START Entries supplied

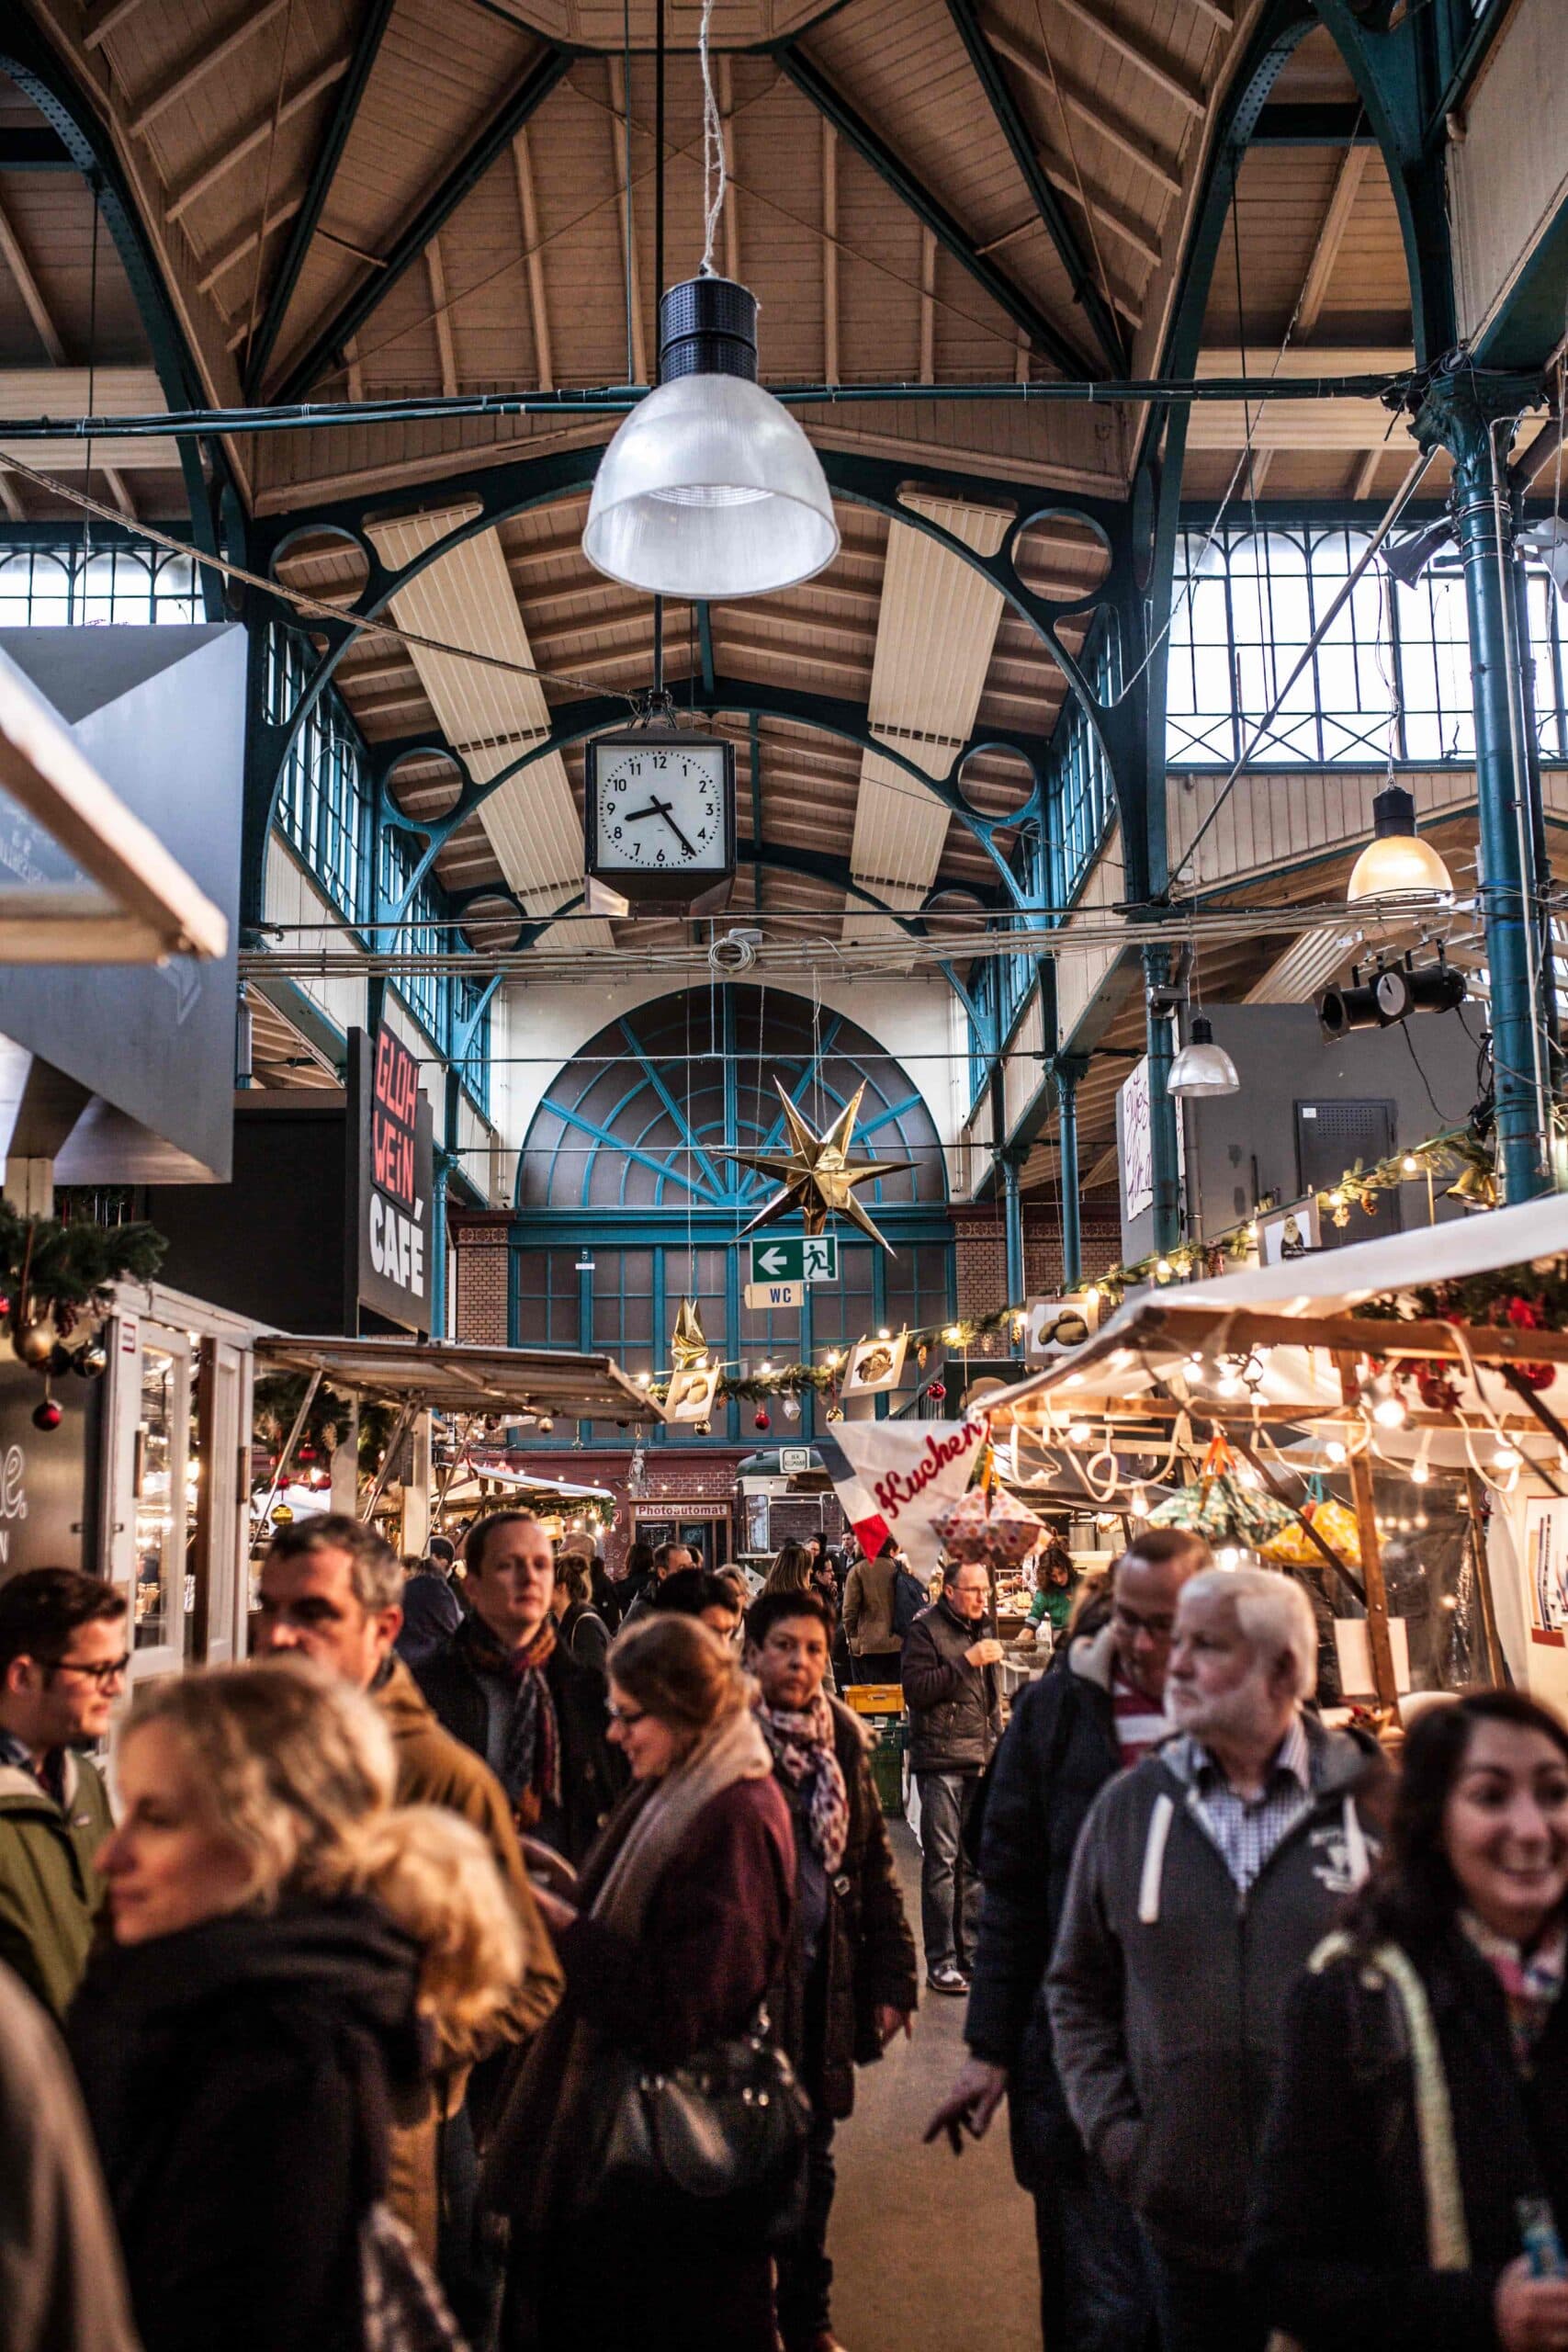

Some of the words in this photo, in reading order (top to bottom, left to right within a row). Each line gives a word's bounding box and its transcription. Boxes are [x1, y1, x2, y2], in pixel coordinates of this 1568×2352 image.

[629, 763, 641, 775] 11
[652, 756, 667, 769] 12
[682, 764, 688, 776] 1
[613, 778, 626, 792] 10
[699, 780, 707, 793] 2
[606, 802, 615, 815] 9
[705, 803, 714, 816] 3
[614, 827, 622, 839] 8
[697, 827, 705, 840] 4
[633, 842, 641, 856] 7
[656, 849, 665, 862] 6
[681, 843, 690, 855] 5
[369, 1193, 424, 1298] CAFÉ
[770, 1287, 792, 1303] WC
[874, 1421, 983, 1521] Kuchen
[638, 1505, 724, 1515] Photoautomat

END Entries supplied

> Exercise instructions: Would you please set down the listing above exactly, minus its images?

> Written answer:
Some of the words in this photo, in reading order (top to bottom, left to right within a row). Each line gives a word's bounding box and its transcription. Boxes are [x1, y1, x2, y2], in pixel coordinates of this 1568×2352 image.

[629, 763, 641, 775] 11
[652, 756, 667, 769] 12
[682, 764, 688, 776] 1
[613, 778, 626, 792] 10
[699, 780, 707, 793] 2
[606, 802, 615, 815] 9
[705, 803, 714, 816] 3
[614, 827, 622, 839] 8
[697, 827, 705, 840] 4
[633, 842, 641, 856] 7
[656, 849, 665, 862] 6
[681, 843, 690, 855] 5
[369, 1193, 424, 1298] CAFÉ
[770, 1287, 792, 1303] WC
[874, 1421, 983, 1521] Kuchen
[638, 1505, 724, 1515] Photoautomat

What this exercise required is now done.